Records supplied
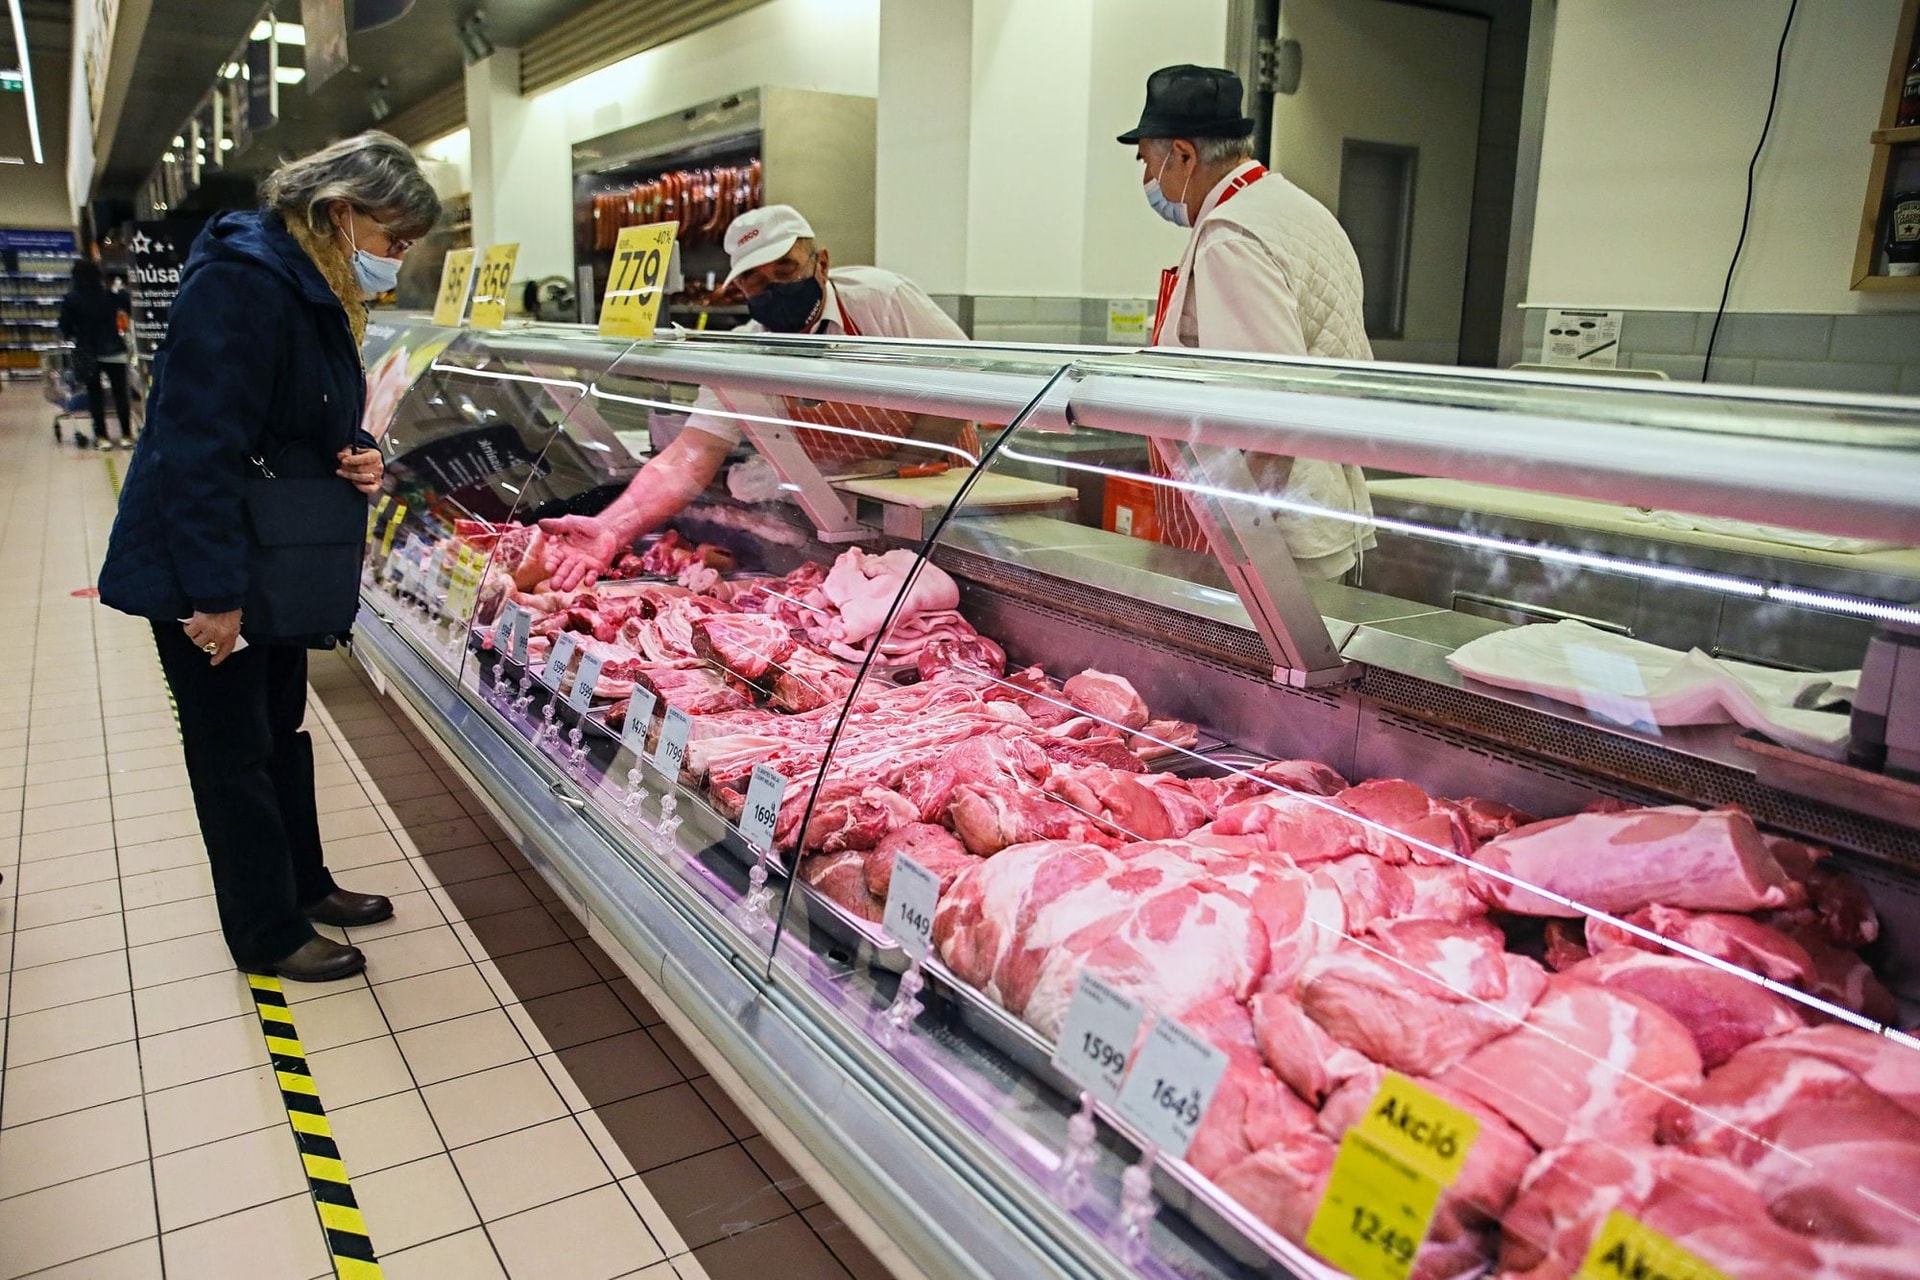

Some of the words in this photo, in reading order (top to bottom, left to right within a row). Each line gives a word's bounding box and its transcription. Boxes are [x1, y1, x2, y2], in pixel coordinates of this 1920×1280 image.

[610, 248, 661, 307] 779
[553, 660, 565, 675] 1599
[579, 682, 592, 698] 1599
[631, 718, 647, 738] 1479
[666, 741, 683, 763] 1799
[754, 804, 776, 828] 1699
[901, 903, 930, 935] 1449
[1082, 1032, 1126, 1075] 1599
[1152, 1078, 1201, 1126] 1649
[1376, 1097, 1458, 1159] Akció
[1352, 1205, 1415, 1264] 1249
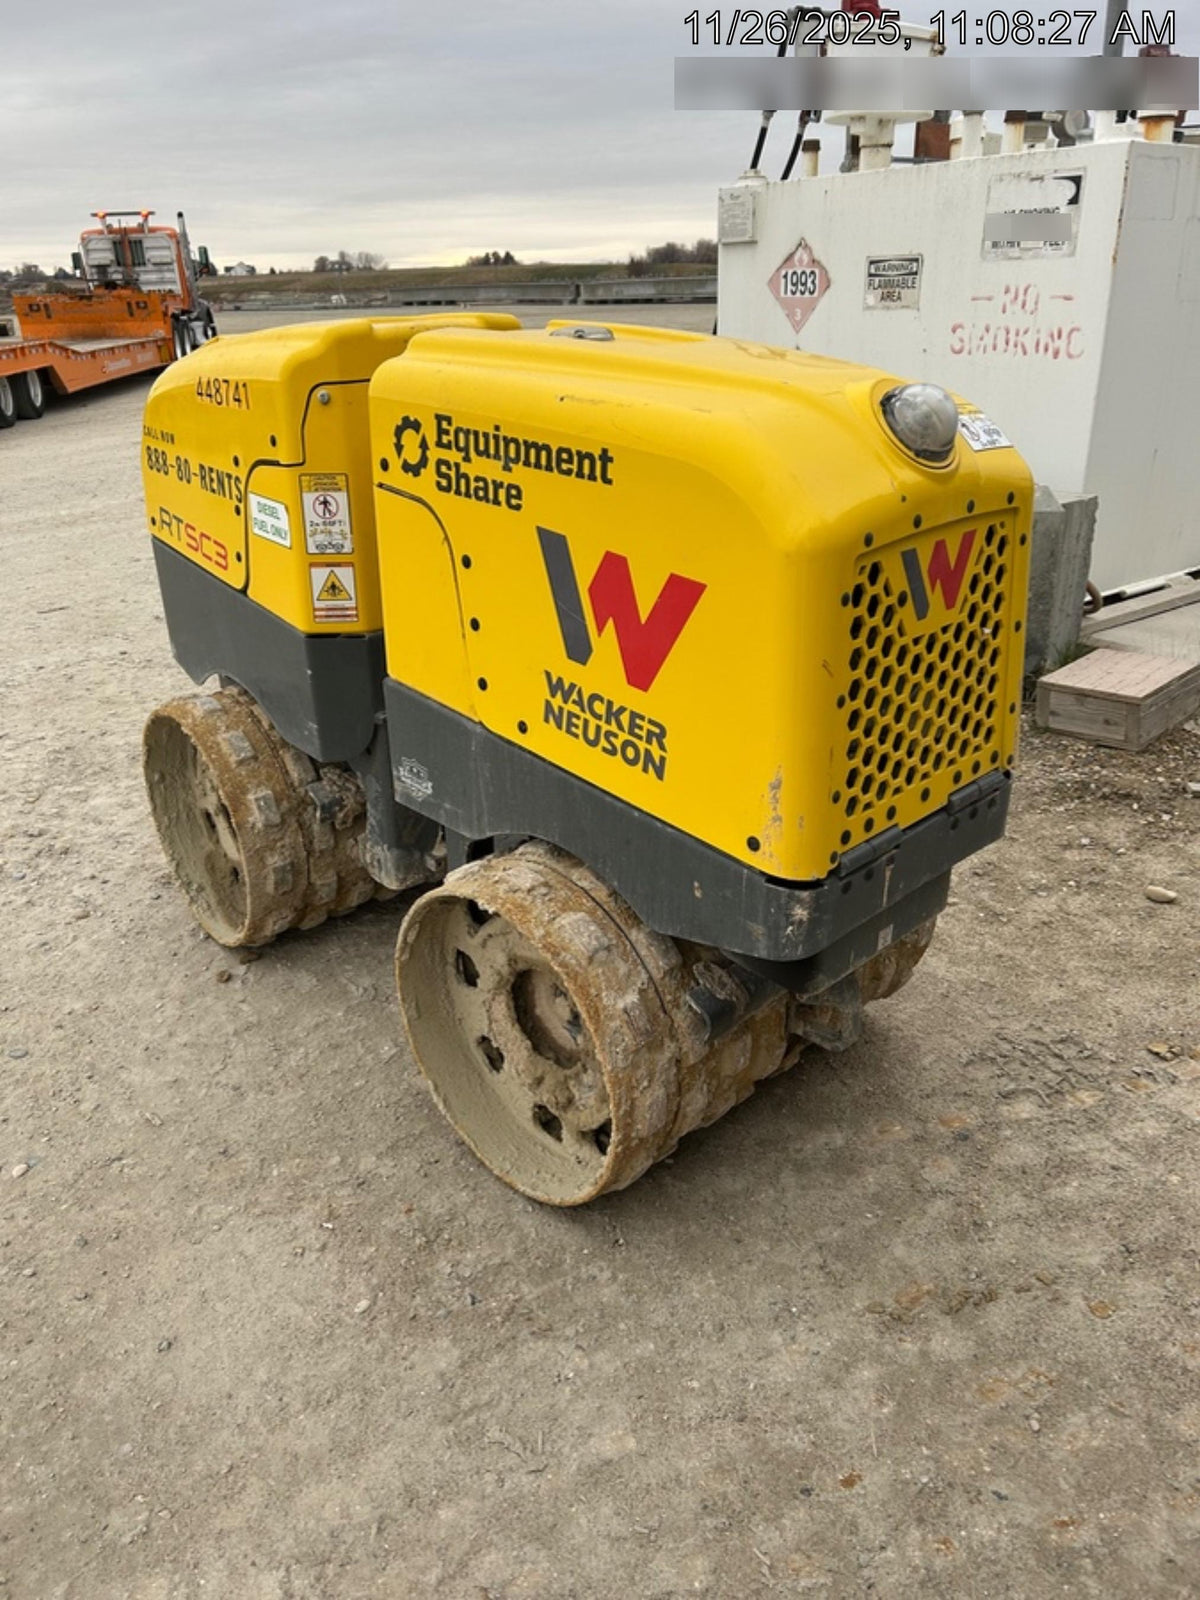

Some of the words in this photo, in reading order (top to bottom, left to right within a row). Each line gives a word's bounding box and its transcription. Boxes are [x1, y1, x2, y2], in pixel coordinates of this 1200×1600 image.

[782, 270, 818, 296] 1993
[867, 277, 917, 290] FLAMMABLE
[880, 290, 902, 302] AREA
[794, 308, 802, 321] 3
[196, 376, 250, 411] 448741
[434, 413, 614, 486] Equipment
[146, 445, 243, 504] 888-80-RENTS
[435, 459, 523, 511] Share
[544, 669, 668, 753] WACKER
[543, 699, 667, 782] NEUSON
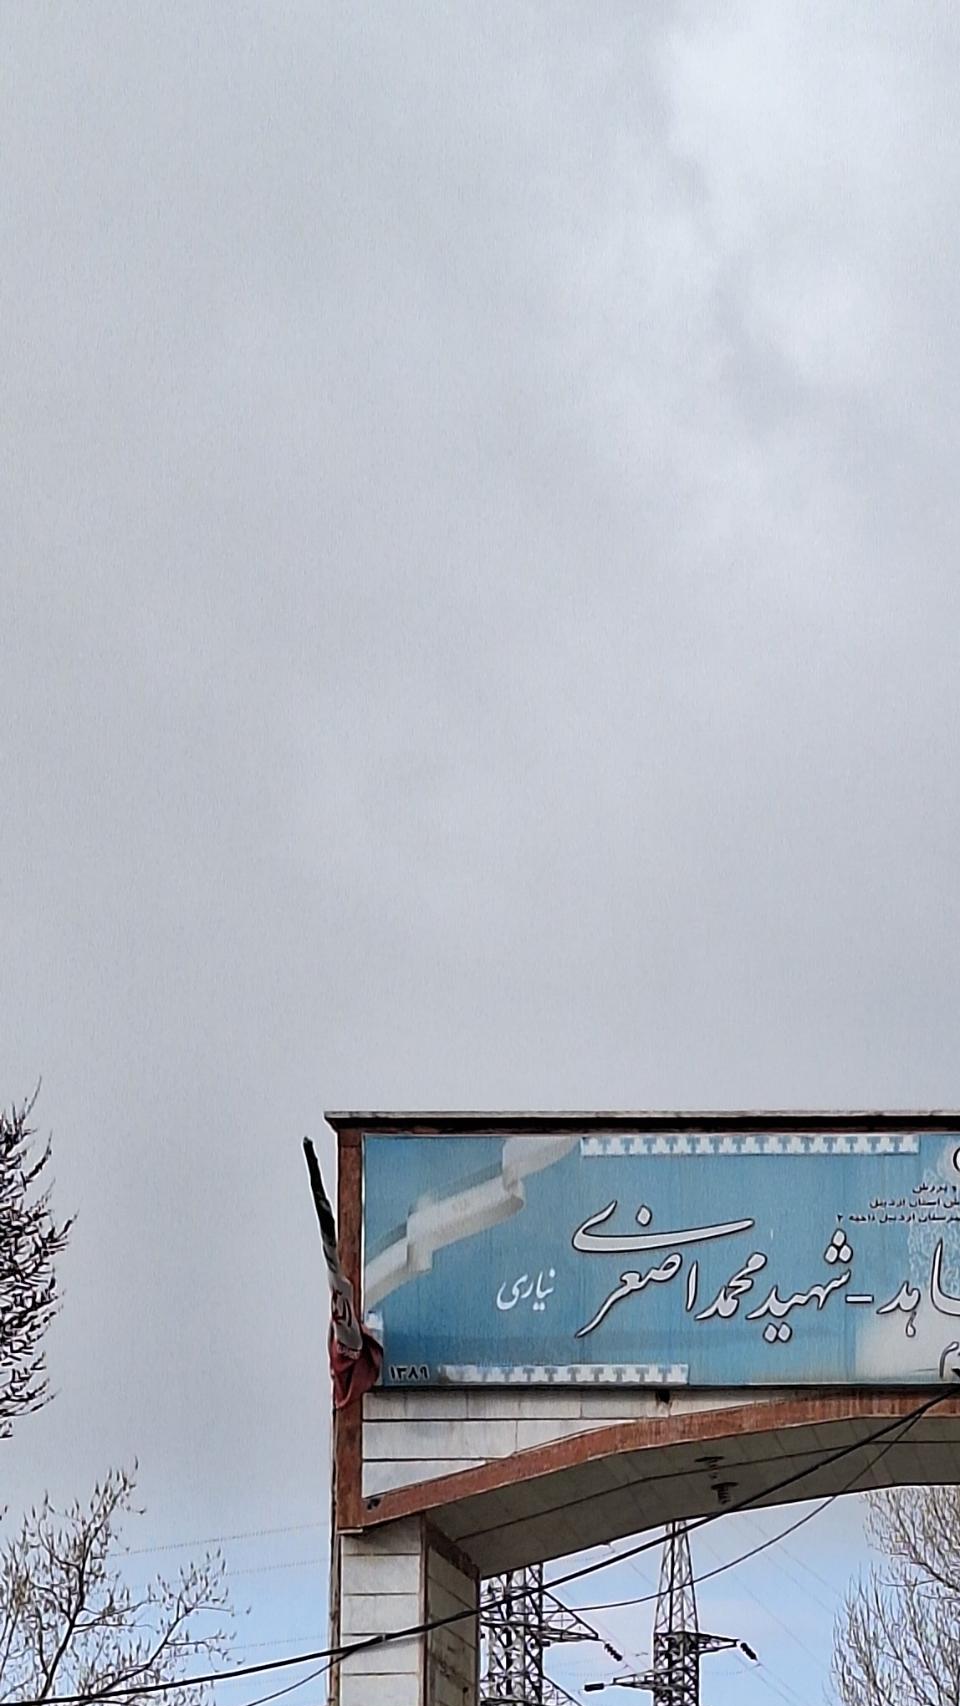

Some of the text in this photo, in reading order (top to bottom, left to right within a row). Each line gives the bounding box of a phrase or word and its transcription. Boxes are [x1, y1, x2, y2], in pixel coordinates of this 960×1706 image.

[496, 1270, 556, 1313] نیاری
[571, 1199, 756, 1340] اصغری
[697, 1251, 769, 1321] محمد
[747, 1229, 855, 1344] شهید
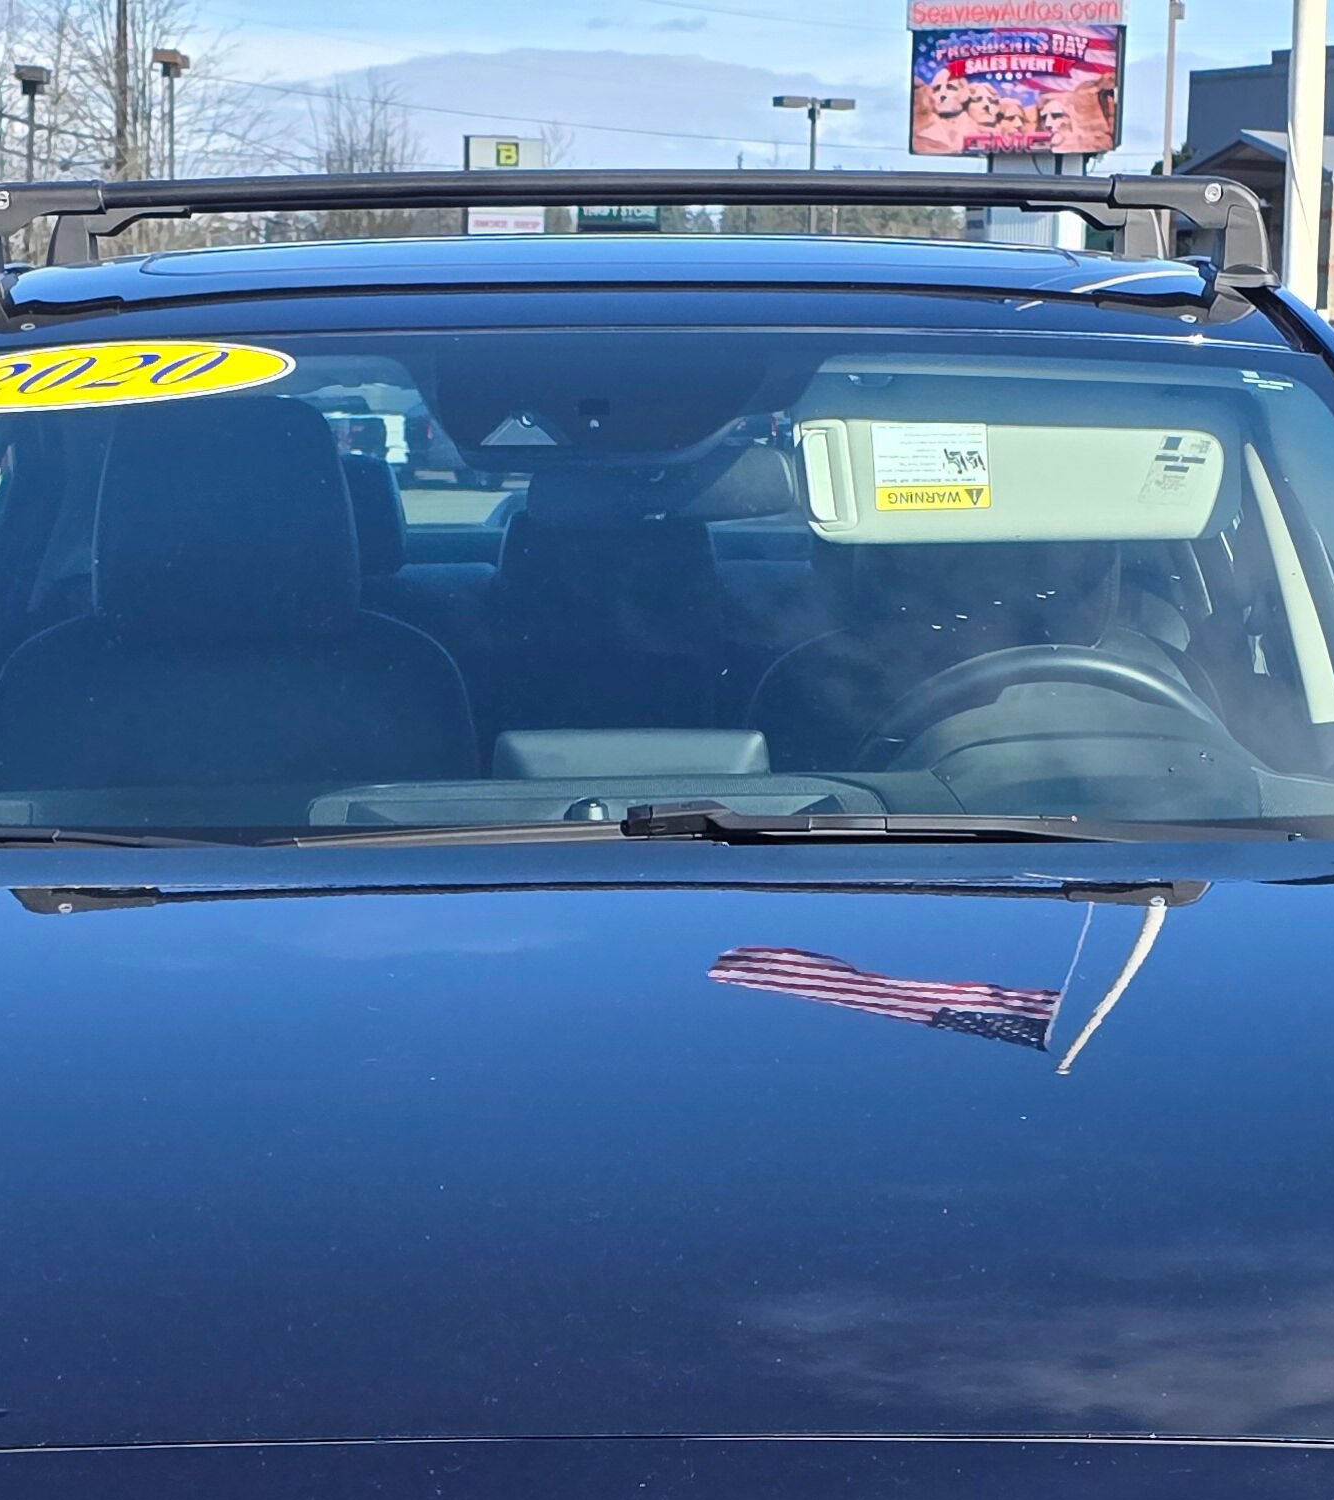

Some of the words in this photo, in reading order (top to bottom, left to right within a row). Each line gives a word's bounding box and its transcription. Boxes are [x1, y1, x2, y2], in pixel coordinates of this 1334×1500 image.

Try it
Please print the entries above exactly. Skip every picture.

Output below
Some of the words in this photo, in reading order (top to bottom, left to right within a row). Each line gives a word's bounding box and its transcription. Boxes are [x1, y1, x2, y2], in pixel coordinates of this 1920×1280 image.

[610, 248, 661, 307] 779
[553, 660, 565, 675] 1599
[579, 682, 592, 698] 1599
[631, 718, 647, 738] 1479
[666, 741, 683, 763] 1799
[754, 804, 776, 828] 1699
[901, 903, 930, 935] 1449
[1082, 1032, 1126, 1075] 1599
[1152, 1078, 1201, 1126] 1649
[1376, 1097, 1458, 1159] Akció
[1352, 1205, 1415, 1264] 1249

Some of the words in this photo, in reading order (top to bottom, left to right within a row). Each line gives a word's bounding box and its transcription. Boxes are [x1, y1, x2, y2], in pixel coordinates of this 1200×1600 image.

[782, 270, 818, 296] 1993
[867, 277, 917, 290] FLAMMABLE
[880, 290, 902, 302] AREA
[794, 308, 802, 321] 3
[196, 376, 250, 411] 448741
[434, 413, 614, 486] Equipment
[146, 445, 243, 504] 888-80-RENTS
[435, 459, 523, 511] Share
[544, 669, 668, 753] WACKER
[543, 699, 667, 782] NEUSON

Some of the text in this photo, in reading order (top to bottom, left to right within a row). Each line gives the bounding box of a phrase or word and its transcription. Boxes are [x1, y1, x2, y2], in pixel coordinates of this 960×1706 image.

[496, 1270, 556, 1313] نیاری
[571, 1199, 756, 1340] اصغری
[697, 1251, 769, 1321] محمد
[747, 1229, 855, 1344] شهید

Some of the words in this photo, in reading order (top to bottom, left to right within a row). Each line gives a word's bounding box and its transcription. Boxes are [x1, y1, x2, y2], in pixel coordinates of this 1334×1500 image.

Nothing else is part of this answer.